L'organico così insolito di questo concerto nasceva da una precisa richiesta del duca di Guines, che lo eseguì insieme alla figlia in un concerto privato. A questo riguardo Mozart scrisse, in una lettera ai padre: «II Duca suona il flauto in modo straordinario e sua figlia, a cui insegno composizione, suona l'arpa magnifique: ha un grande talento, perfino del genio, e ha per di più una memoria straordinaria, in quanto suona tutto a mente e conosce un paio di centinaia di pezzi». Ma quest'entusiasmo passò presto e in una lettera di poco successiva, riferendo che la sua allieva si era fidanzata e che non avrebbe continuato le lezioni, Mozart commentò: «Non è un gran dispiacere, parola d'onore!». Quanto al duca, ecco quel che ne disse, quando si vide negare il saldo nel suo onorario: «II Signor Duca non ha un briciolo d'onore in corpo! Certamente pensava: Questo è un giovanotto e inoltre uno stupido tedesco (come tutti i francesi dicono dei tedeschi) e certamente sarà contento egualmente».

Al momento di accingersi a comporre il Concerto, Mozart era - come abbiamo visto - in una situazione psicologica molto più positiva, tanto che si dimenticò della scarsa simpatia che aveva dimostrato altre volte per il flauto e l'arpa. In ogni caso - nonostante quel che ne aveva scritto al padre - doveva essere ben consapevole che i due solisti non erano poi così straordinari e dunque scrisse per loro delle parti di media difficoltà. Che, componendo questo concerto, non dimenticasse mai chi fossero i due destinatari, è dimostrato chiaramente anche dal tono di elegante mondanità che diede a questa musica, in cui sembra rispecchiarsi il plaisir de vivre della società aristocratica francese dell'epoca di Luigi XVI. In questa scrittura fluente, che evita ogni minima impressione di fatica, la maestria di Mozart risplende di luce purissima. E i limiti intrinseci dei due strumenti - cui Mozart riserva ampi passaggi, facendoli dialogare con delicatezza e discrezione - sono pienamente rispettati, senza però che la fragilità dell'arpa e la grazia cedano alle tentazioni del decorativismo.
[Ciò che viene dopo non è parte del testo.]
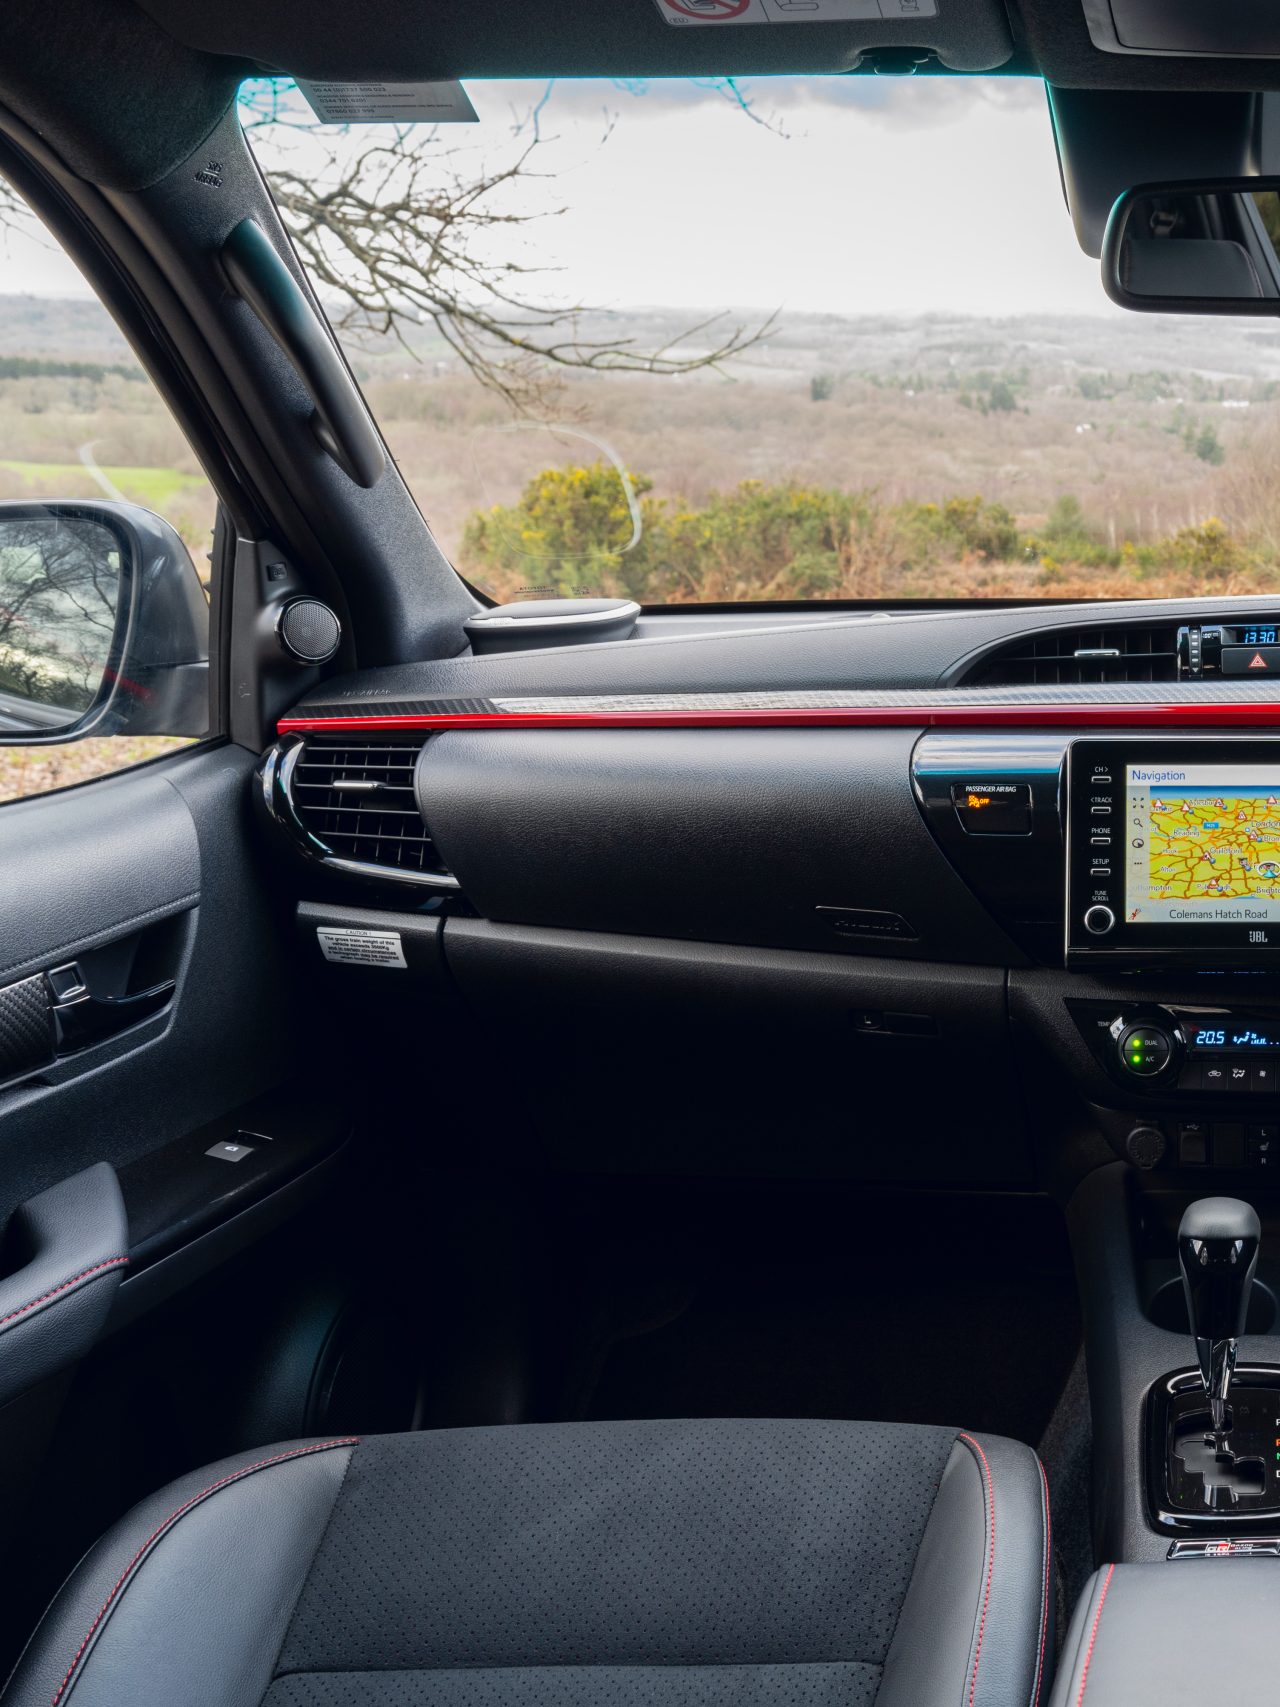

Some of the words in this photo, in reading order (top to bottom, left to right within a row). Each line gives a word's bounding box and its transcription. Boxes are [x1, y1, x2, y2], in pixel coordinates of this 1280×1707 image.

È nell'Allegro iniziale che vengono più ampiamente valorizzate le possibilità tecniche e le diverse sfumature timbriche dei due solisti, accompagnati - qui come in seguito - da un'orchestra di modeste dimensioni, attenta a non soverchiare mai le loro delicate sonorità. L'Andantino è stato paragonato da Alfred Einstein a un delicato quadro di Boucher e da Giovanni Carli Ballola a un prezioso arazzo Gobelins: certamente ha un'eleganza e una soavità inimitabili, che vogliono accarezzare i sensi più che suscitare profonde emozioni. L'Allegro finale è un rondò in tempo di gavotta, in cui i ritorni di un refrain vivace ma delicato si alternano ad episodi sempre diversi.
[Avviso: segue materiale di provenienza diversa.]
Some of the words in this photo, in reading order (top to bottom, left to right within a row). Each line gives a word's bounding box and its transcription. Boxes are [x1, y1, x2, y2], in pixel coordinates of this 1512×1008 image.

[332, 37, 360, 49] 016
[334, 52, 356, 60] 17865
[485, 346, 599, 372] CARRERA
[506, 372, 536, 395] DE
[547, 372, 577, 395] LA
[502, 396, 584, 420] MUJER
Guida all'ascolto 3 (nota 3)

Il Concerto per flauto e arpa in do maggiore K. 299 risale al soggiorno parigino del 1778, un soggiorno del tutto diverso rispetto a quello, trionfale, compiuto da bambino, e tale da riservare delusioni e amarezze al ragazzo ventiduenne, che incontrò una sostanziale indifferenza da parte dell'ambiente della città, nel quale stentò ad inserirsi anche per la sua scarsa propensione verso il gusto francese.

In qualche caso, tuttavia, Mozart seppe approfittare delle occasioni offertegli dalla ricca e colta società aristocratica, presso la quale la pratica della musica "da salotto" era diffusissima, come naturale integrazione dell'educazione dell'individuo. Particolarmente diffusa, presso l'aristocrazia del gentil sesso, era l'arpa, impiegata soprattutto, come alternativa al pianoforte, nella funzione di accompagnamento. Lo strumento non si avvaleva ancora, per raggiungere la completa scala di semitoni, del sistema di pedali introdotto da Cousineau e Krumpholz alla fine del secolo e perfezionato nel 1812 da Erard, ma poteva comunque spaziare in una gamma vasta grazie a un sistema di ganci azionato a mano dall'esecutore, che consentiva la modifica di un semitono per l'intonazione delle corde.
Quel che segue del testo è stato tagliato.